DATASET RECORDS START

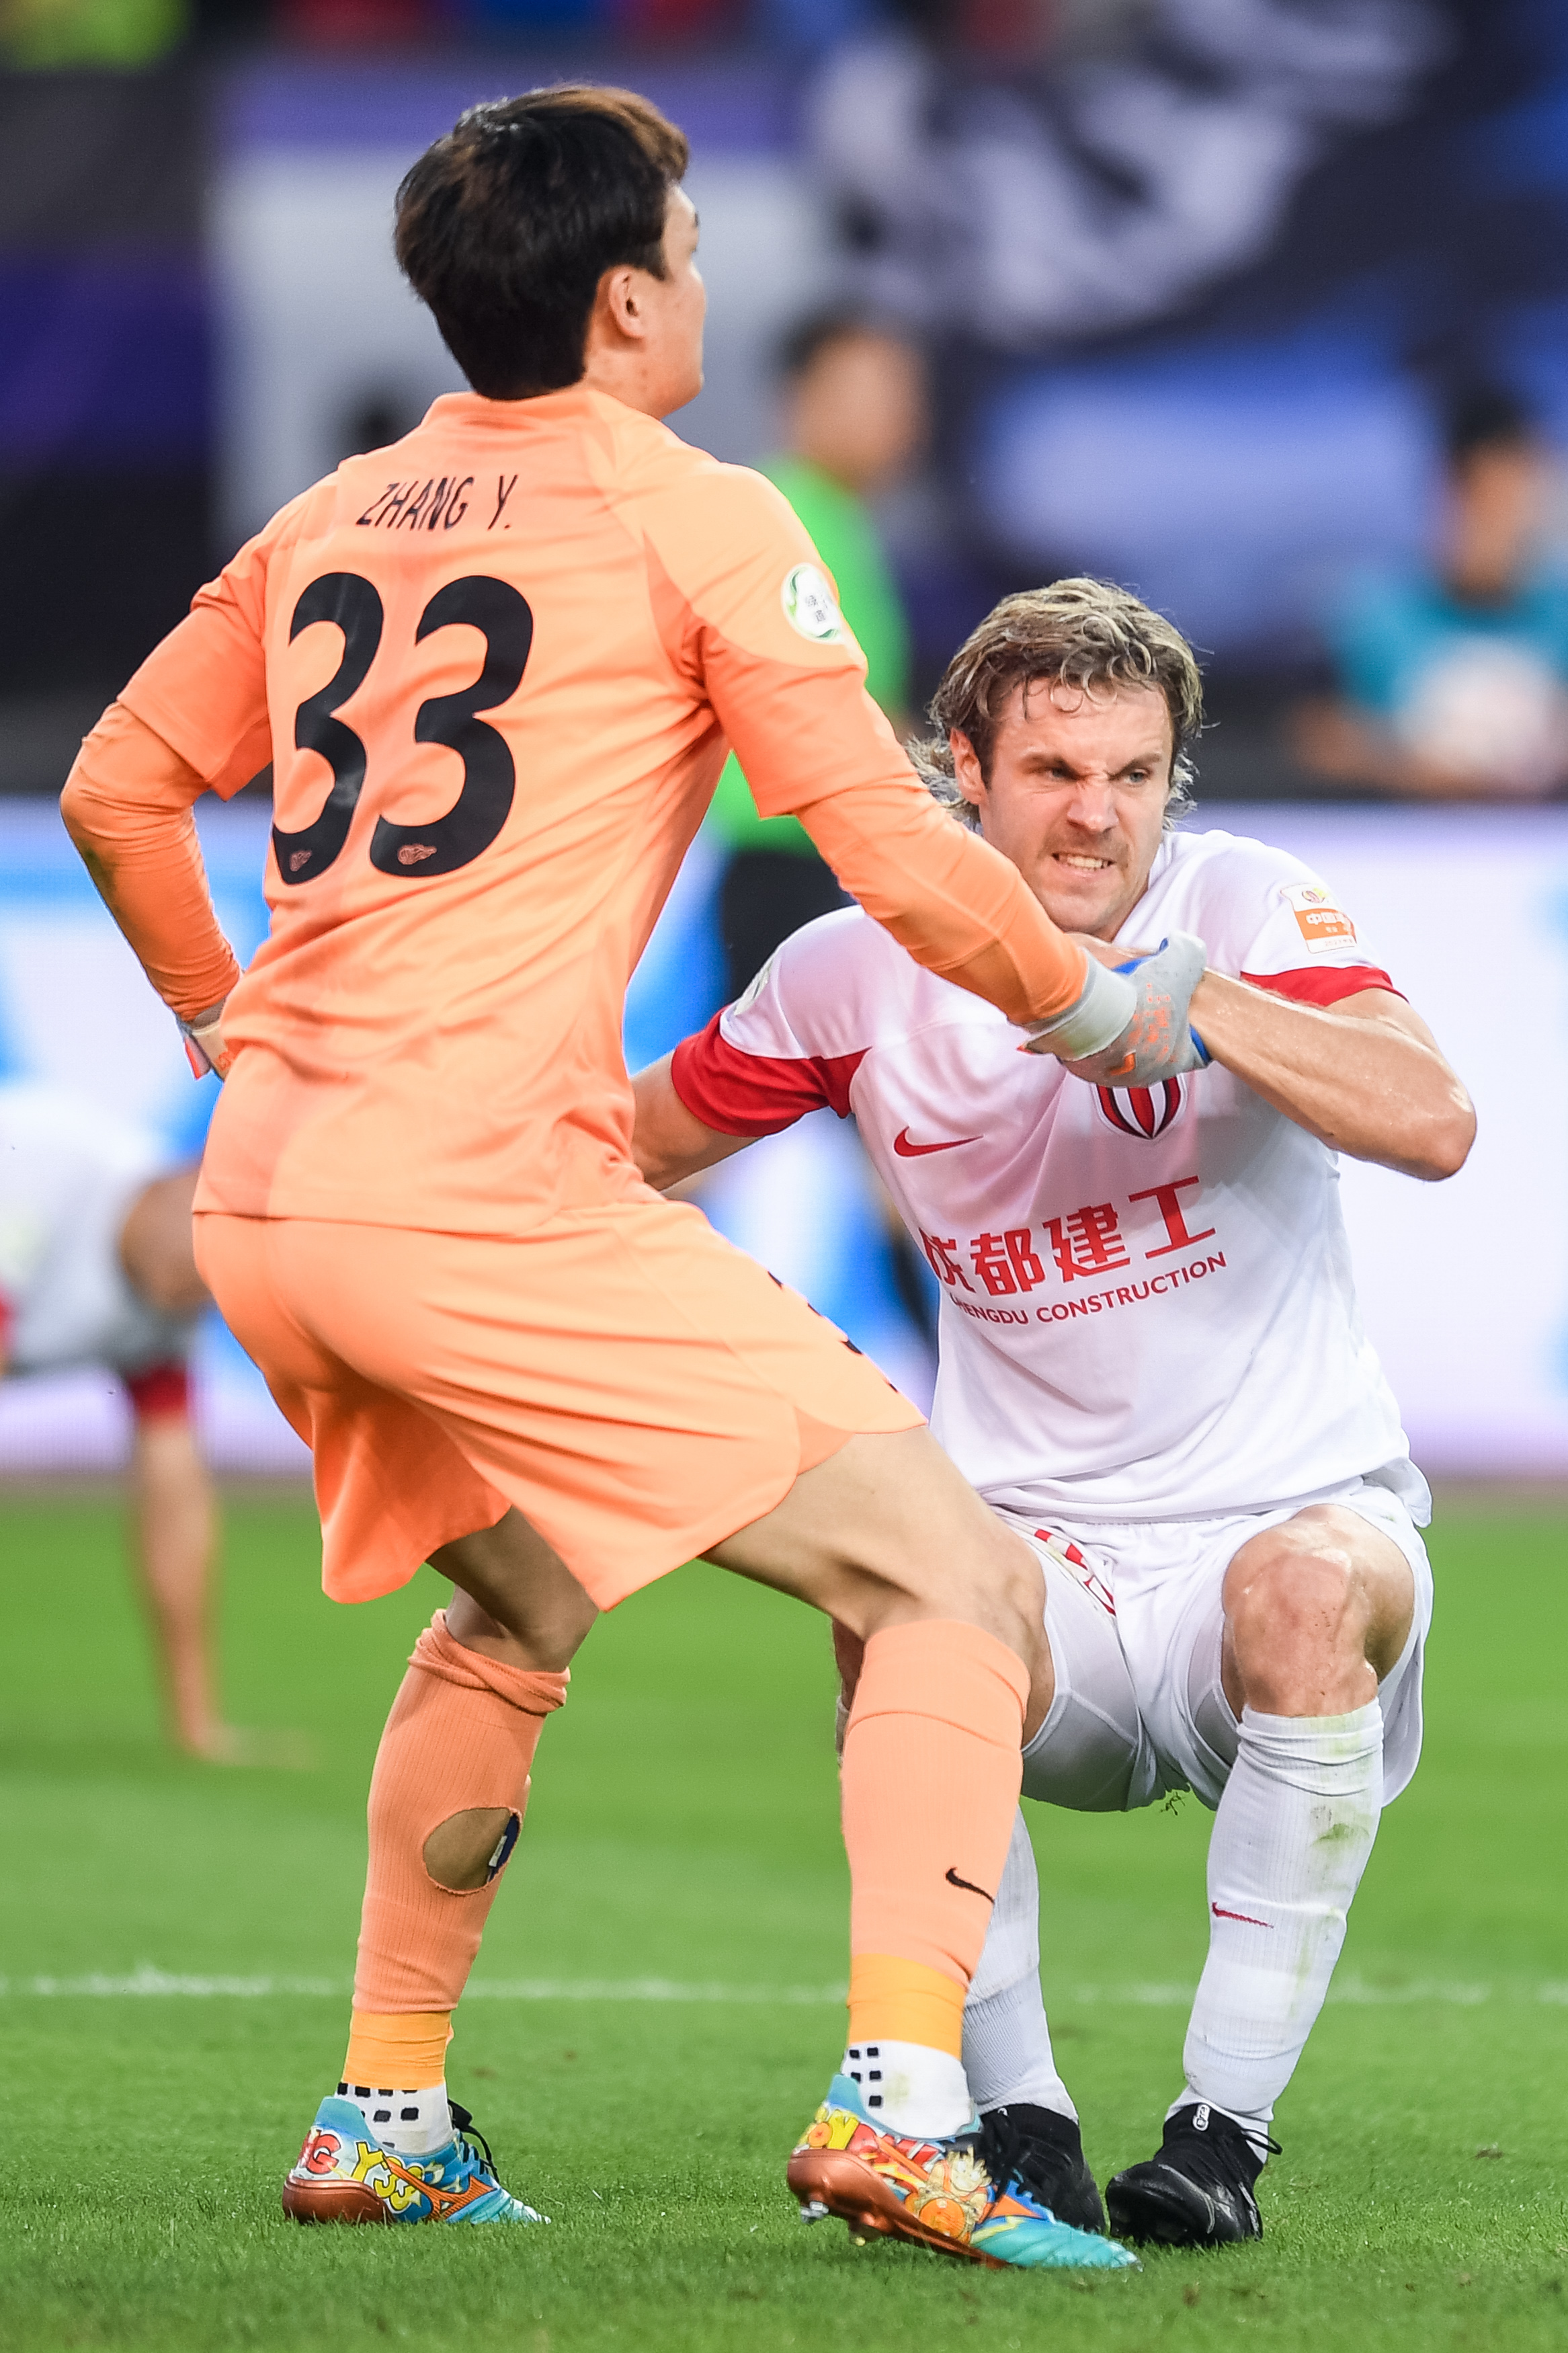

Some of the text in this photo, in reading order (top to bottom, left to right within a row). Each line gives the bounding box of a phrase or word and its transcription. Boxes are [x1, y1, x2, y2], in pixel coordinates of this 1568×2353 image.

[356, 475, 518, 530] ZHANG Y.
[272, 572, 534, 886] 33
[919, 1174, 1216, 1296] 成都建工
[1036, 1250, 1227, 1323] CONSTRUCTION
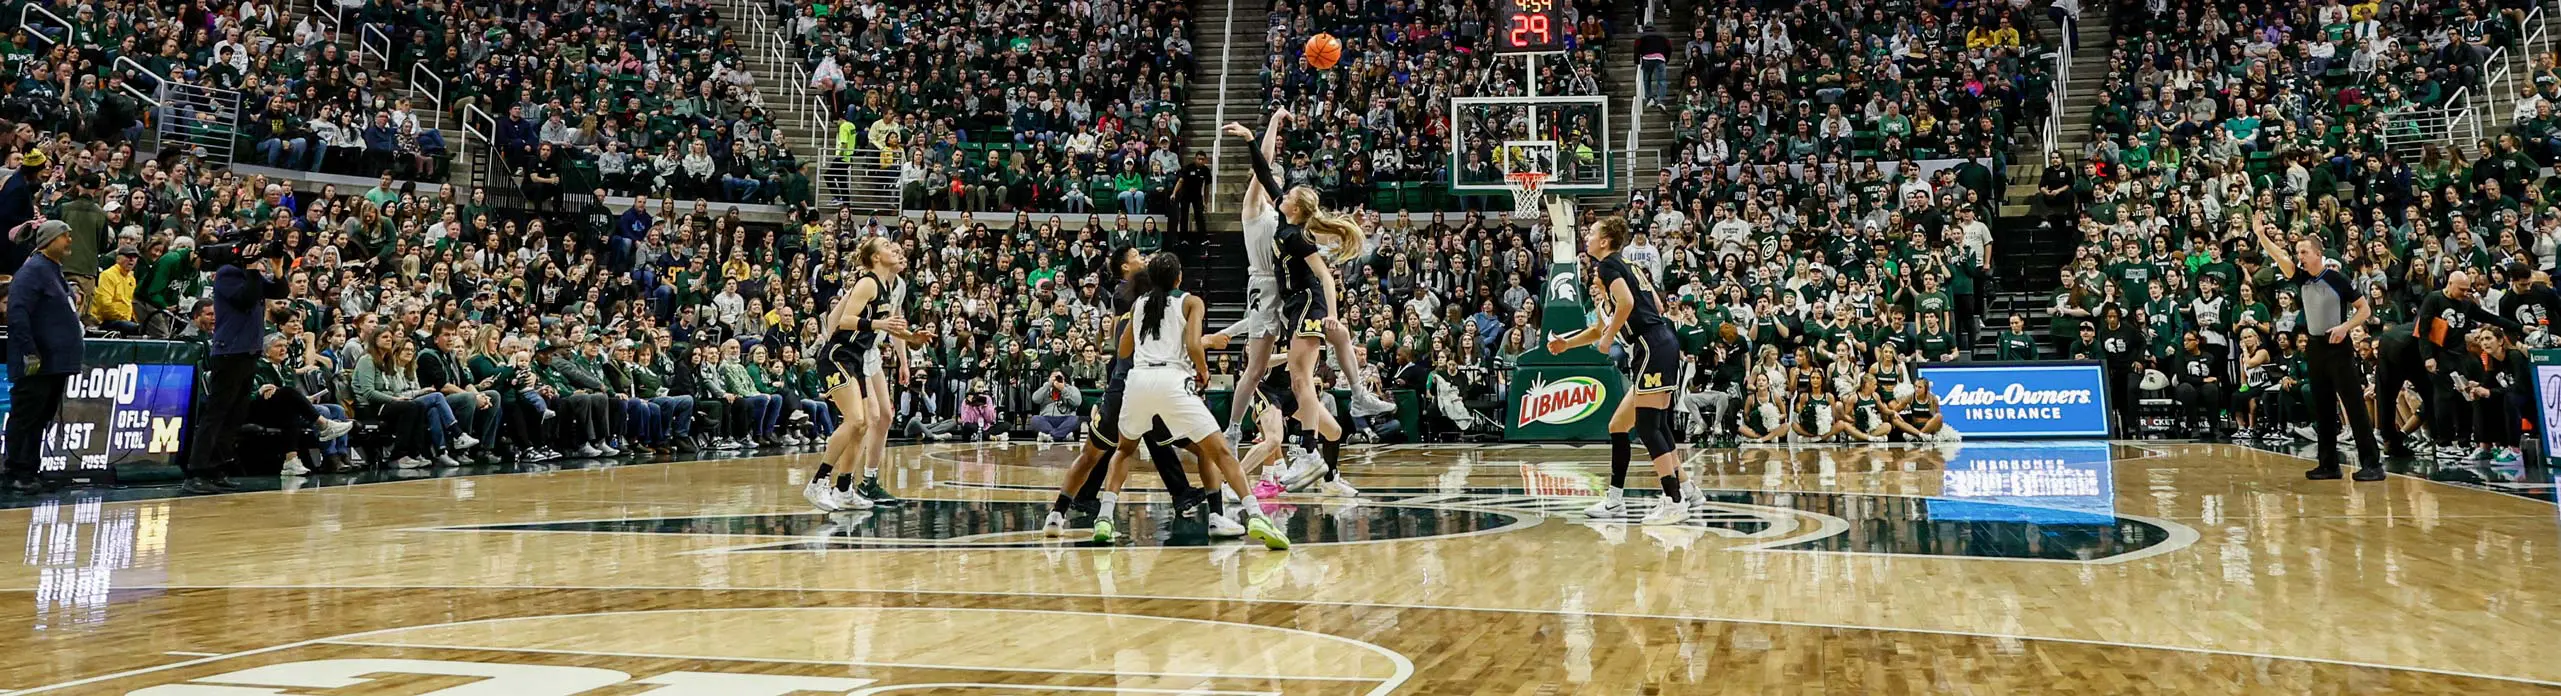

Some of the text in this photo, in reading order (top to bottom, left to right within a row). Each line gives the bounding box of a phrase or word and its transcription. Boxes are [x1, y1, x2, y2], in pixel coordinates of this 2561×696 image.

[1511, 15, 1548, 46] 29
[1304, 319, 1322, 332] M
[826, 372, 841, 389] M
[1644, 372, 1662, 388] M
[1938, 383, 2090, 405] Auto-Owners
[1520, 384, 1597, 425] LIBMAN
[1965, 407, 2062, 420] INSURANCE
[2140, 418, 2175, 426] ROCKET
[148, 416, 183, 453] M

DATASET RECORDS END

EXERCISE OBJECTIVE: In the records above, retype exactly the lines from the one with "this 2561×696 image." through the last one.

SOLUTION FOR THIS TASK:
Some of the text in this photo, in reading order (top to bottom, left to right within a row). Each line gives the bounding box of a phrase or word and its transcription. Boxes are [x1, y1, x2, y2], in pixel coordinates of this 2561×696 image.

[1511, 15, 1548, 46] 29
[1304, 319, 1322, 332] M
[826, 372, 841, 389] M
[1644, 372, 1662, 388] M
[1938, 383, 2090, 405] Auto-Owners
[1520, 384, 1597, 425] LIBMAN
[1965, 407, 2062, 420] INSURANCE
[2140, 418, 2175, 426] ROCKET
[148, 416, 183, 453] M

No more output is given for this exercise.